Over the past few months, Iran has faced a sharp drop in economic growth. Iran’s currency, the rial, has collapsed, losing 75 percent of its value. That’s a severe blow in an economy as reliant on imports as Iran. Stores have closed down in Tehran’s Grand Bazaar, in evidence of just how hard the economy is already suffering. And last week, a truckers and teachers strike rocked the cities.
The real torment, however, will hit in November, when the U.S. targets Iran’s oil industry
U.S. Treasury Undersecretary Sigal Mandelker, who is leading the difficult campaign of implementing and applying financial sanctions against Iran, as well as collecting intelligence about its infrastructure companies, investment companies, and banks, is tying up the loose ends in halting financing for terrorism. He said on Oct. 21, 2018: “Our expectation is that because of our sanctions, oil purchases by foreign authorities from Iran will be going significantly down.”

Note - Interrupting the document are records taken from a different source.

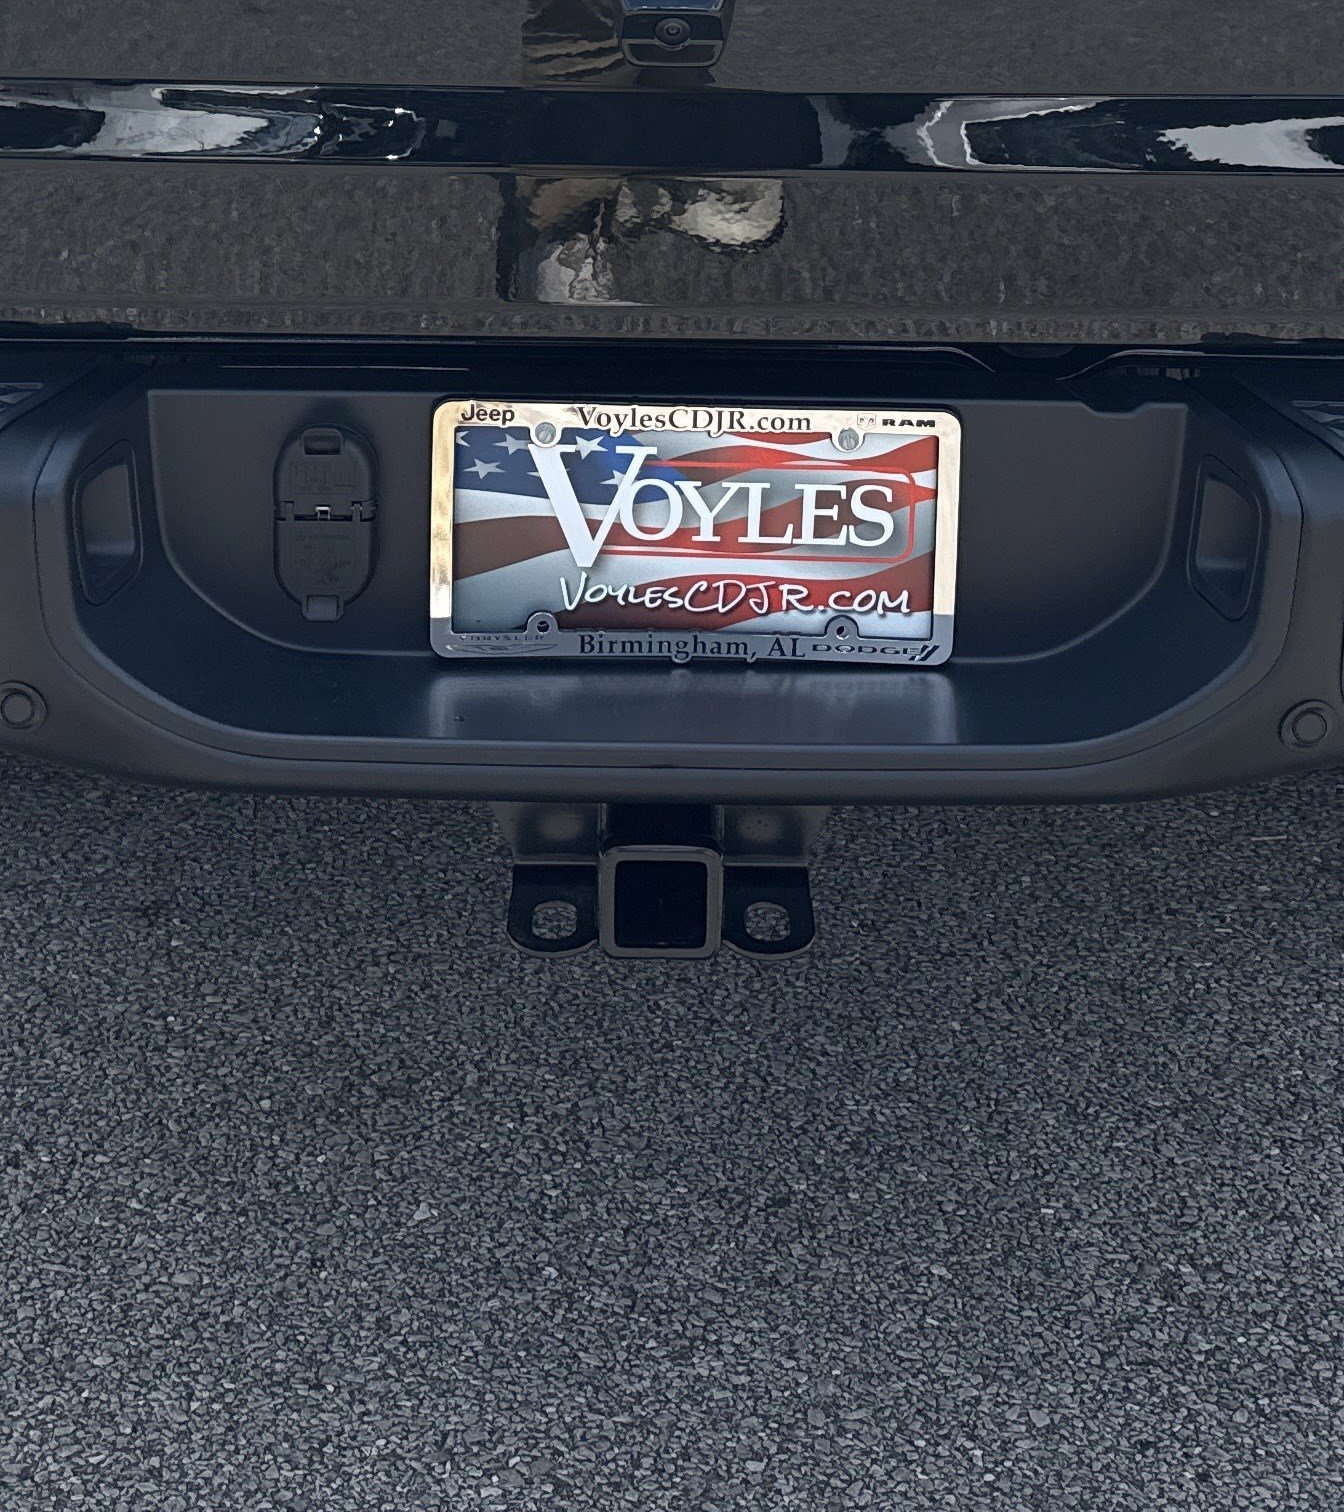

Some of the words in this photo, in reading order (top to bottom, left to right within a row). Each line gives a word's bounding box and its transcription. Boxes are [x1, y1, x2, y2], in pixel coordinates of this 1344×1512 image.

[461, 403, 515, 426] Jeep
[577, 406, 812, 436] VoylesCDJR.com
[881, 418, 936, 428] RAM
[529, 444, 895, 569] VOYLES
[578, 633, 756, 661] Birmingham,
[768, 637, 806, 658] AL
[812, 644, 921, 656] DODGE

The second part of reinstituting sanctions, which was set in advance for Nov. 4, is designed to be much more severe, and will include the energy sector. Everyone expects to see steep declines, because Iran’s economy is dependent on purchases of oil by Europe, China, and India.

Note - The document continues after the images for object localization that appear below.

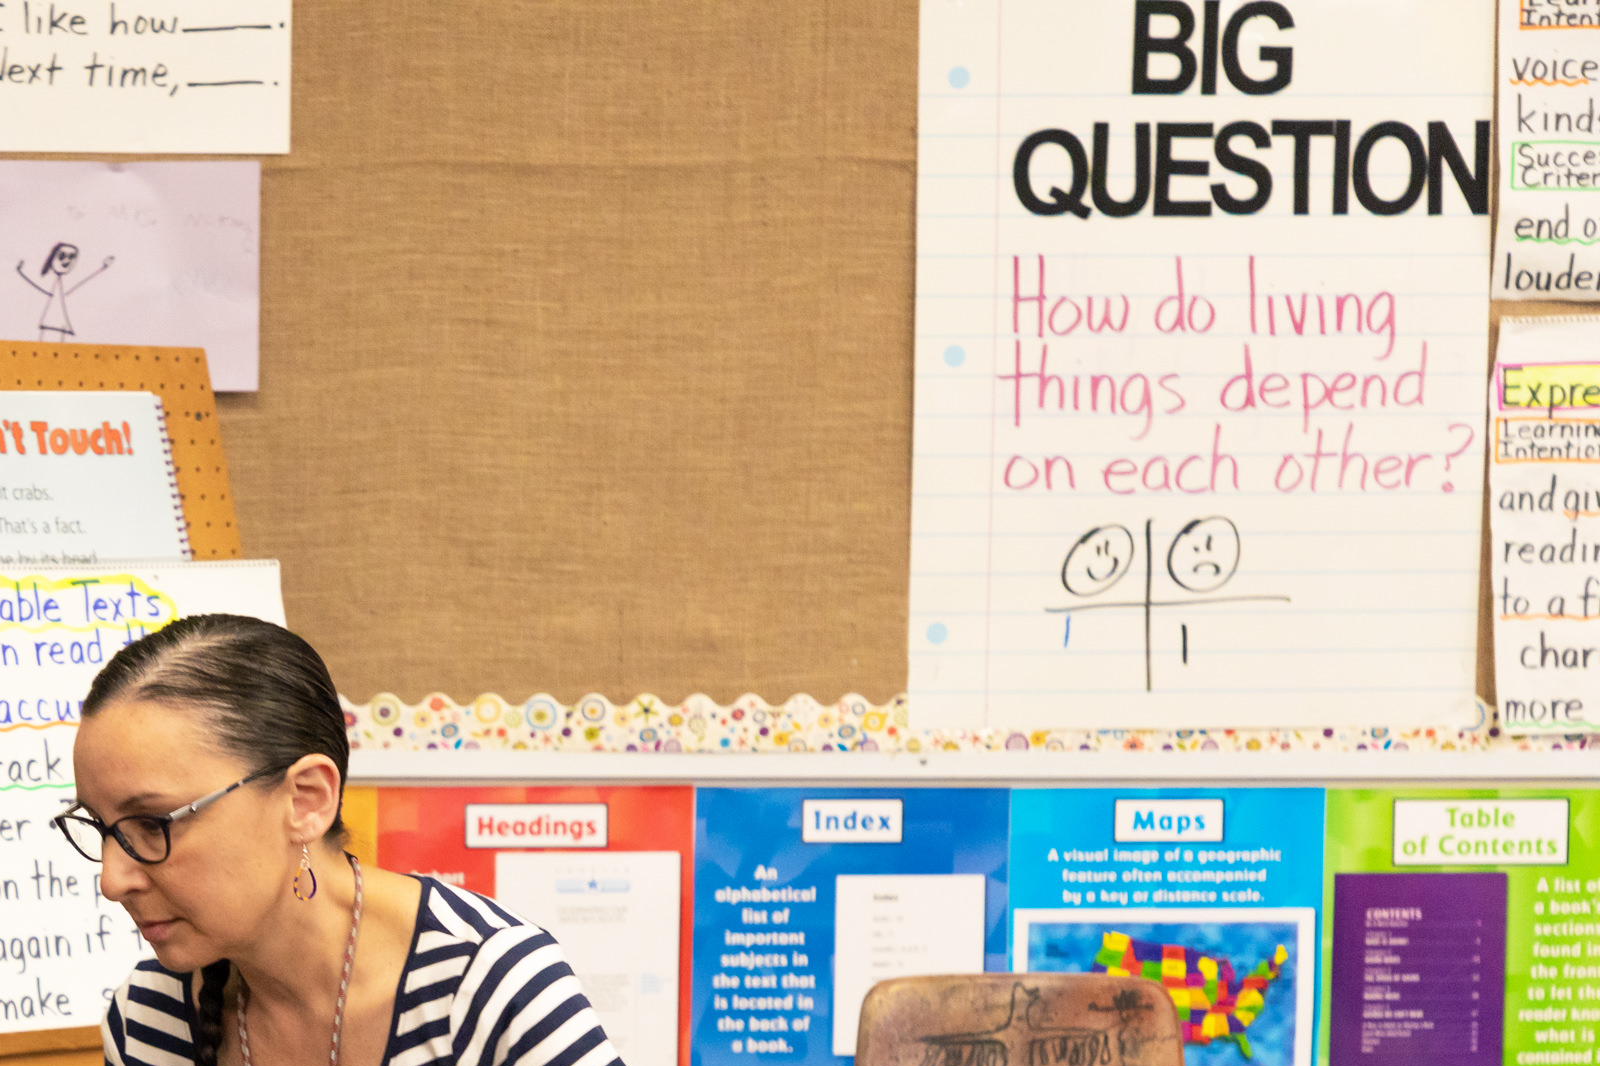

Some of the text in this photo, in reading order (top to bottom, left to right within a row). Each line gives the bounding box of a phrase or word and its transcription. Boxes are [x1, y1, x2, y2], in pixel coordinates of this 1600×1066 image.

[24, 1, 87, 34] like
[1132, 0, 1296, 95] BIG
[1013, 119, 1491, 220] QUESTION
[1515, 202, 1569, 239] end
[1013, 254, 1396, 360] How do living
[997, 340, 1424, 440] things depend
[30, 420, 133, 455] Touch!
[1004, 422, 1474, 493] on each other?
[12, 484, 53, 500] crabs.
[1500, 474, 1554, 513] and
[42, 522, 52, 534] a
[54, 518, 86, 534] fact.
[71, 580, 161, 623] Texts
[1500, 576, 1564, 617] to a
[35, 627, 103, 666] read
[1505, 699, 1583, 721] more
[815, 811, 891, 830] Index
[1133, 811, 1205, 834] Maps
[1446, 807, 1515, 828] Table
[478, 816, 597, 839] Headings
[1403, 835, 1557, 856] of Contents
[1063, 848, 1281, 864] visual image geographic
[31, 860, 79, 897] the
[754, 865, 777, 880] An
[1063, 869, 1266, 884] feature often accompanied
[715, 887, 816, 904] alphabetical
[1100, 889, 1264, 905] key distance scale.
[742, 908, 767, 924] list
[1366, 908, 1422, 921] CONTENTS
[86, 915, 112, 952] if
[725, 930, 805, 947] important
[1534, 942, 1581, 957] found
[721, 952, 788, 969] subjects
[745, 974, 776, 988] text
[732, 995, 793, 1010] located
[749, 1016, 788, 1031] back
[1519, 1008, 1567, 1021] reader
[747, 1038, 793, 1053] book.
[1535, 1029, 1575, 1043] what
[1517, 1050, 1592, 1065] contained
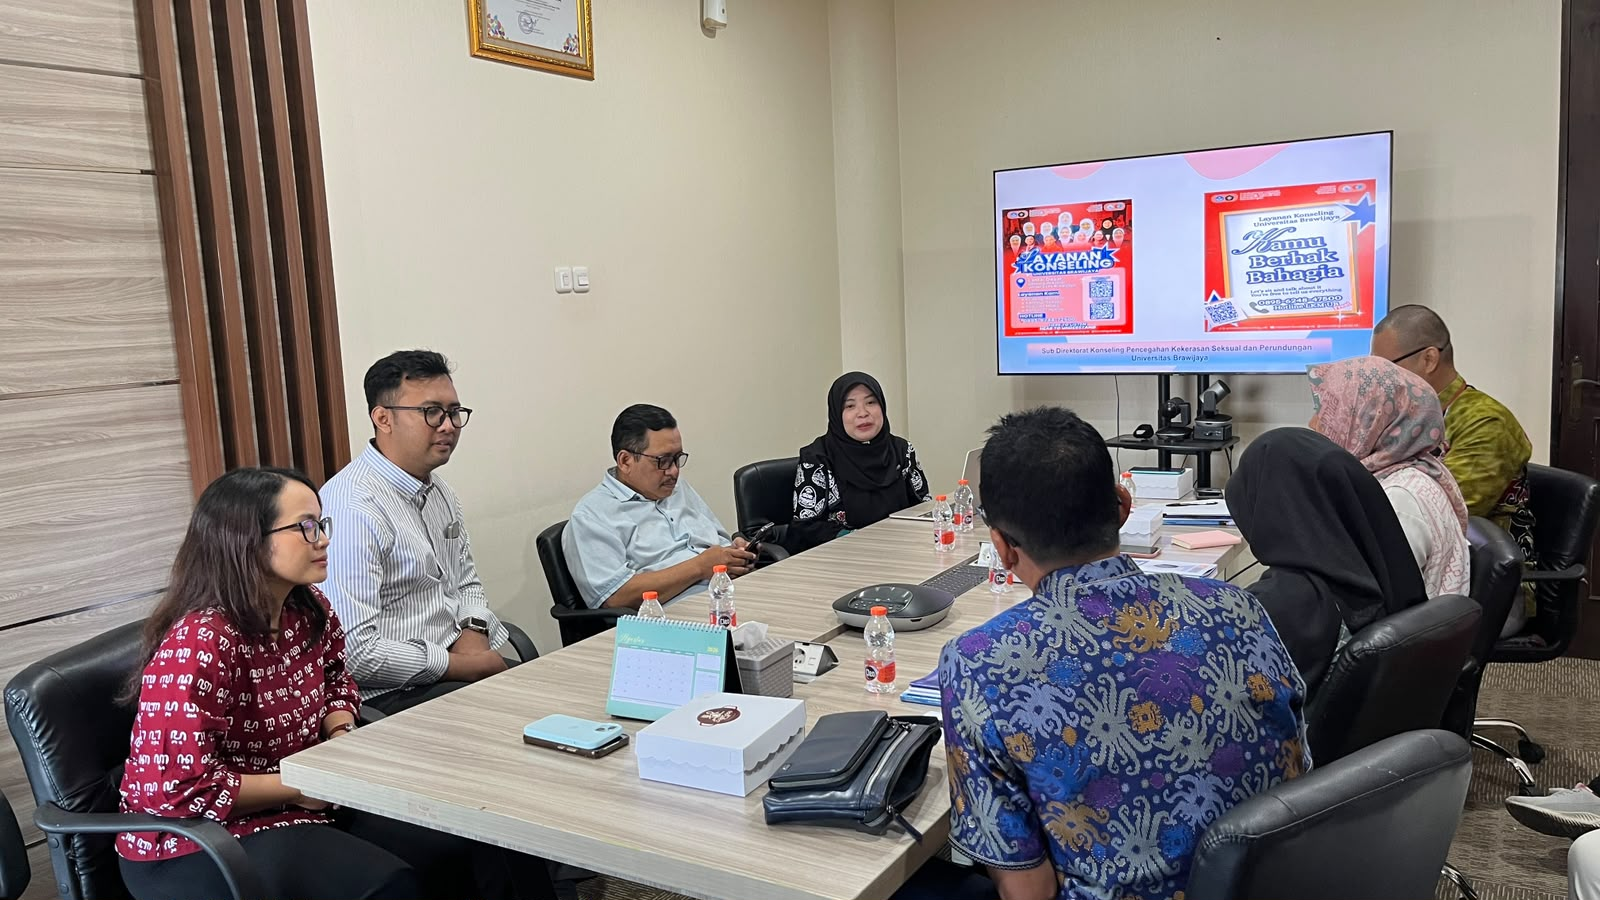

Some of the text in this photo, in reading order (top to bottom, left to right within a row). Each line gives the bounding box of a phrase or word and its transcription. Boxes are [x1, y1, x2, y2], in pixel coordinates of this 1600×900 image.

[1253, 215, 1340, 227] Universitas Brawijaya
[1258, 210, 1334, 222] Layanan Konseling
[1231, 226, 1326, 255] Kamu
[1019, 248, 1102, 264] LAYANAN
[1249, 248, 1338, 268] Berhak
[1024, 259, 1112, 272] KONSELING
[1247, 264, 1343, 284] Bahagia
[1126, 346, 1170, 354] Pencegahan
[1259, 344, 1312, 352] Perundungan
[1173, 354, 1209, 362] Brawijaya

Meanwhile, a key Chinese bank is preparing to halt transactions with Iran ahead of imminent U.S. sanctions against Tehran, according to Reuters.
Kunlun, the largest conduit for money flows between China and Iran, is telling clients that it will stop processing payments from Iran starting Nov. 1, the news service reported.
Likewise, India’s Reliance Industries Ltd., owner of the world’s biggest refining complex, has halted imports of Iranian crude ahead of U.S. sanctions against Tehran’s oil sector, its joint chief financial officer said.